Fifth, significant revenue would be generated – potentially $50-100bn each from the stock, bond, currency and derivate markets.

Finally, being a turnover tax, an FTT could help stabilise the markets by penalising shorter term trading, while leaving longer term transactions virtually unaffected. Under a tax of 0.2%, a daily trader effectively would pay 20% tax; a pension fund with a five-year turnaround would pay only 0.02%.

This is perhaps the chief merit of the FTT policy. The Robin Hood factor – the ‘billions of pounds’ for public services, poverty alleviation and global warming – is perhaps less important than the cost savings and efficiency gains that FTTs could generate, coupled with the incentive to create more stable and durable investments.

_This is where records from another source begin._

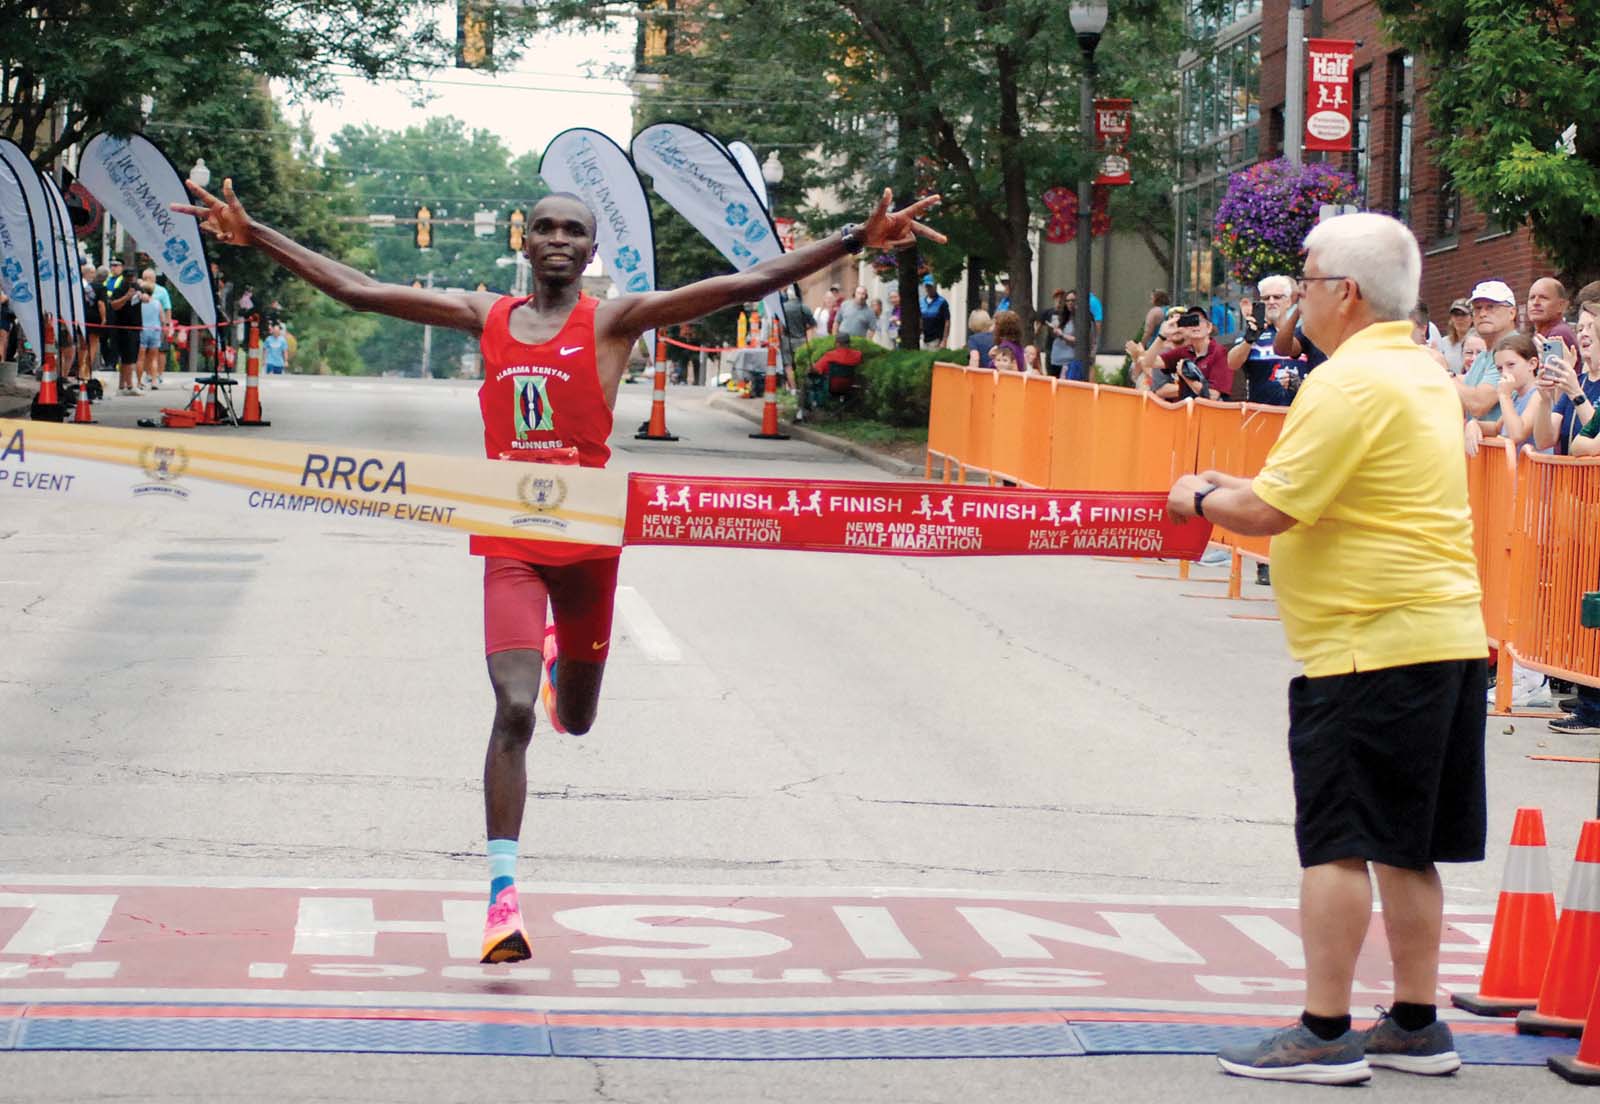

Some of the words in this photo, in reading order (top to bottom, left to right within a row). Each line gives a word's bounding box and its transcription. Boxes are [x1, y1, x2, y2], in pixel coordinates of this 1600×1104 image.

[1313, 57, 1349, 75] Half
[111, 146, 175, 234] HIGHMARK
[495, 366, 530, 382] ALABAMA
[532, 366, 570, 382] KENYAN
[0, 428, 25, 462] A
[511, 440, 563, 449] RUNNERS
[12, 471, 75, 492] EVENT
[300, 453, 408, 495] RRCA
[248, 491, 391, 517] CHAMPIONSHIP
[394, 503, 457, 523] EVENT
[698, 492, 773, 511] FINISH
[830, 496, 902, 514] FINISH
[962, 502, 1036, 520] FINISH
[1090, 507, 1163, 523] FINISH
[643, 514, 681, 526] NEWS
[686, 516, 713, 527] AND
[718, 517, 781, 529] SENTINEL
[846, 522, 884, 533] NEWS
[888, 523, 915, 534] AND
[919, 524, 982, 537] SENTINEL
[642, 524, 685, 539] HALF
[689, 525, 781, 543] MARATHON
[844, 532, 887, 548] HALF
[890, 533, 982, 550] MARATHON
[1029, 528, 1067, 539] NEWS
[1071, 528, 1098, 537] AND
[1102, 528, 1163, 539] SENTINEL
[1028, 536, 1070, 550] HALF
[1073, 535, 1163, 552] MARATHON
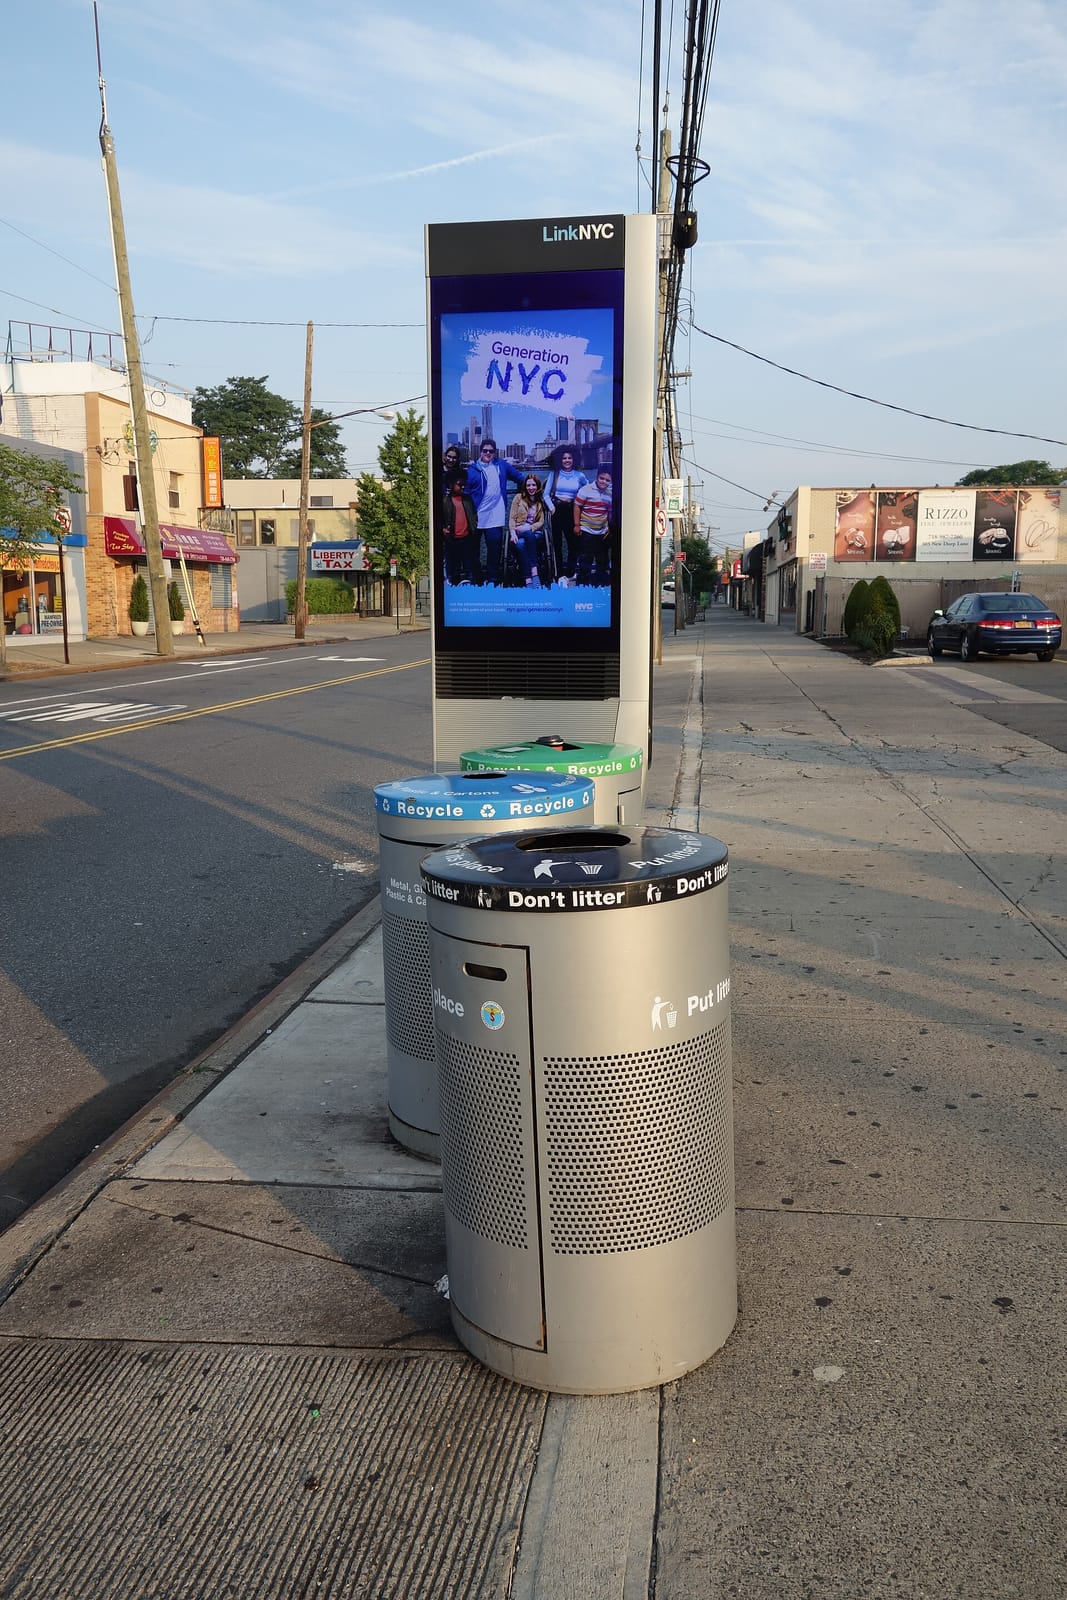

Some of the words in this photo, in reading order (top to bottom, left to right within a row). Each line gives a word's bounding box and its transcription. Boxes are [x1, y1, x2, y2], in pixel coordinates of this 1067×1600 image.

[543, 223, 614, 242] LinkNYC
[491, 341, 569, 365] Generation
[485, 358, 567, 401] NYC
[925, 507, 969, 520] RIZZO
[313, 550, 355, 560] LIBERTY
[322, 559, 353, 569] TAX
[568, 761, 623, 776] Recycle
[397, 801, 464, 819] Recycle
[509, 796, 574, 816] Recycle
[431, 879, 460, 901] litter
[676, 870, 713, 895] Don't
[509, 890, 565, 908] Don't
[573, 889, 626, 907] litter
[433, 988, 464, 1018] place
[687, 995, 714, 1017] Put

Not everyone is thrilled with the idea. When the Robin Hood Tax campaign went live with an online poll, it seemed that the British public was overwhelmingly against it, with some 5 000 no votes recorded within 20 minutes.

However, it soon turned out that the rejections were coming from two particular computer servers: one registered to a personal address, the other to investment bank, Goldman Sachs.

Of course, the likes of Goldman Sachs are accustomed to having things their way (“doing God’s work”, in boss Lloyd Blankfein’s words).

With profits returning to pre-crisis levels, their attitude is understandable.

But entrenched ideological resistance notwithstanding, the idea is gaining traction.

In September 2009, the Aspen Institute policy document, “Overcoming Short-termism”, signed by Warren Buffett and ex-World Bank president James Wolfensohn, among others, called for an excise tax on financial transactions.

In the UK, Prime Minister Gordon Brown sees a financial transaction tax as a means of restoring the ‘social contract’ between the public and the banks.

Elsewhere, the European Parliament stated that an FTT “would be a fair contribution from the financial sector to global social justice”.

As Stiglitz says, “In environmental economics, we have a principle called ‘polluter pay’. If you cause pollution, you have to pay for the clean-up. The financial sector polluted the global economy with toxic assets and now they ought to clean up that.”